● **Problem details**
Whether an entry is long or short, retype it exactly.

● **Records provided**
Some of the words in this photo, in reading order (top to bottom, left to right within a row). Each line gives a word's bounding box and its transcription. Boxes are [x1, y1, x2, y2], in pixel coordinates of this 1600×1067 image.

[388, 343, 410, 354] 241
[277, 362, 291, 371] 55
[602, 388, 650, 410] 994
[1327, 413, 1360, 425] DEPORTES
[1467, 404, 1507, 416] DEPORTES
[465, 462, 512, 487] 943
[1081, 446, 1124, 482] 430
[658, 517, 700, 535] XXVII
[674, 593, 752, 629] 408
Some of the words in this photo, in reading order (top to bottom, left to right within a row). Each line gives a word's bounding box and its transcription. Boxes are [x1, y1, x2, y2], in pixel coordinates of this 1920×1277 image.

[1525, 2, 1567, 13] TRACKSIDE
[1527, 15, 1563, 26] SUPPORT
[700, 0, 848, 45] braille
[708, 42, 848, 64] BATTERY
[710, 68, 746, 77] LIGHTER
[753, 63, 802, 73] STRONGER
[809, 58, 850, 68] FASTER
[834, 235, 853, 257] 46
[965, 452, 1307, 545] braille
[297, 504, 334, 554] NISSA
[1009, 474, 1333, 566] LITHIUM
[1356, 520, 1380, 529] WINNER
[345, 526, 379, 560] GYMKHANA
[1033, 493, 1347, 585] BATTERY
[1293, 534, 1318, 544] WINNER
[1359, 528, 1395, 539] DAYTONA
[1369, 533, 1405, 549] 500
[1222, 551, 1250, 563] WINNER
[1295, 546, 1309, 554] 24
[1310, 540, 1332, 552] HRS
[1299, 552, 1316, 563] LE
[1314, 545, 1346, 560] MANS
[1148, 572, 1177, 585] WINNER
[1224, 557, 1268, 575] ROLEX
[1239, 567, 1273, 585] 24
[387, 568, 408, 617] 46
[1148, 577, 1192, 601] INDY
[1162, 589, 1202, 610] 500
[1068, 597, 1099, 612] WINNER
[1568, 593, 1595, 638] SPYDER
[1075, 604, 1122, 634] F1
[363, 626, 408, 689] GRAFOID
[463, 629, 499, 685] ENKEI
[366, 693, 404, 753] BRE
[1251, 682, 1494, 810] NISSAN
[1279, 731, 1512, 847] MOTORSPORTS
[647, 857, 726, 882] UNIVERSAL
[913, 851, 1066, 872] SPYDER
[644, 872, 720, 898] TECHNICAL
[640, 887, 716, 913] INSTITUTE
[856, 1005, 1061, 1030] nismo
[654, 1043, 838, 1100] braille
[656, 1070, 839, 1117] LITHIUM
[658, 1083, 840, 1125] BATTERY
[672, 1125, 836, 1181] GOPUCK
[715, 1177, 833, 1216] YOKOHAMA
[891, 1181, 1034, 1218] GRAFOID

● **Final answer**
Some of the words in this photo, in reading order (top to bottom, left to right within a row). Each line gives a word's bounding box and its transcription. Boxes are [x1, y1, x2, y2], in pixel coordinates of this 1600×1067 image.

[388, 343, 410, 354] 241
[277, 362, 291, 371] 55
[602, 388, 650, 410] 994
[1327, 413, 1360, 425] DEPORTES
[1467, 404, 1507, 416] DEPORTES
[465, 462, 512, 487] 943
[1081, 446, 1124, 482] 430
[658, 517, 700, 535] XXVII
[674, 593, 752, 629] 408
Some of the words in this photo, in reading order (top to bottom, left to right within a row). Each line gives a word's bounding box and its transcription. Boxes are [x1, y1, x2, y2], in pixel coordinates of this 1920×1277 image.

[1525, 2, 1567, 13] TRACKSIDE
[1527, 15, 1563, 26] SUPPORT
[700, 0, 848, 45] braille
[708, 42, 848, 64] BATTERY
[710, 68, 746, 77] LIGHTER
[753, 63, 802, 73] STRONGER
[809, 58, 850, 68] FASTER
[834, 235, 853, 257] 46
[965, 452, 1307, 545] braille
[297, 504, 334, 554] NISSA
[1009, 474, 1333, 566] LITHIUM
[1356, 520, 1380, 529] WINNER
[345, 526, 379, 560] GYMKHANA
[1033, 493, 1347, 585] BATTERY
[1293, 534, 1318, 544] WINNER
[1359, 528, 1395, 539] DAYTONA
[1369, 533, 1405, 549] 500
[1222, 551, 1250, 563] WINNER
[1295, 546, 1309, 554] 24
[1310, 540, 1332, 552] HRS
[1299, 552, 1316, 563] LE
[1314, 545, 1346, 560] MANS
[1148, 572, 1177, 585] WINNER
[1224, 557, 1268, 575] ROLEX
[1239, 567, 1273, 585] 24
[387, 568, 408, 617] 46
[1148, 577, 1192, 601] INDY
[1162, 589, 1202, 610] 500
[1068, 597, 1099, 612] WINNER
[1568, 593, 1595, 638] SPYDER
[1075, 604, 1122, 634] F1
[363, 626, 408, 689] GRAFOID
[463, 629, 499, 685] ENKEI
[366, 693, 404, 753] BRE
[1251, 682, 1494, 810] NISSAN
[1279, 731, 1512, 847] MOTORSPORTS
[647, 857, 726, 882] UNIVERSAL
[913, 851, 1066, 872] SPYDER
[644, 872, 720, 898] TECHNICAL
[640, 887, 716, 913] INSTITUTE
[856, 1005, 1061, 1030] nismo
[654, 1043, 838, 1100] braille
[656, 1070, 839, 1117] LITHIUM
[658, 1083, 840, 1125] BATTERY
[672, 1125, 836, 1181] GOPUCK
[715, 1177, 833, 1216] YOKOHAMA
[891, 1181, 1034, 1218] GRAFOID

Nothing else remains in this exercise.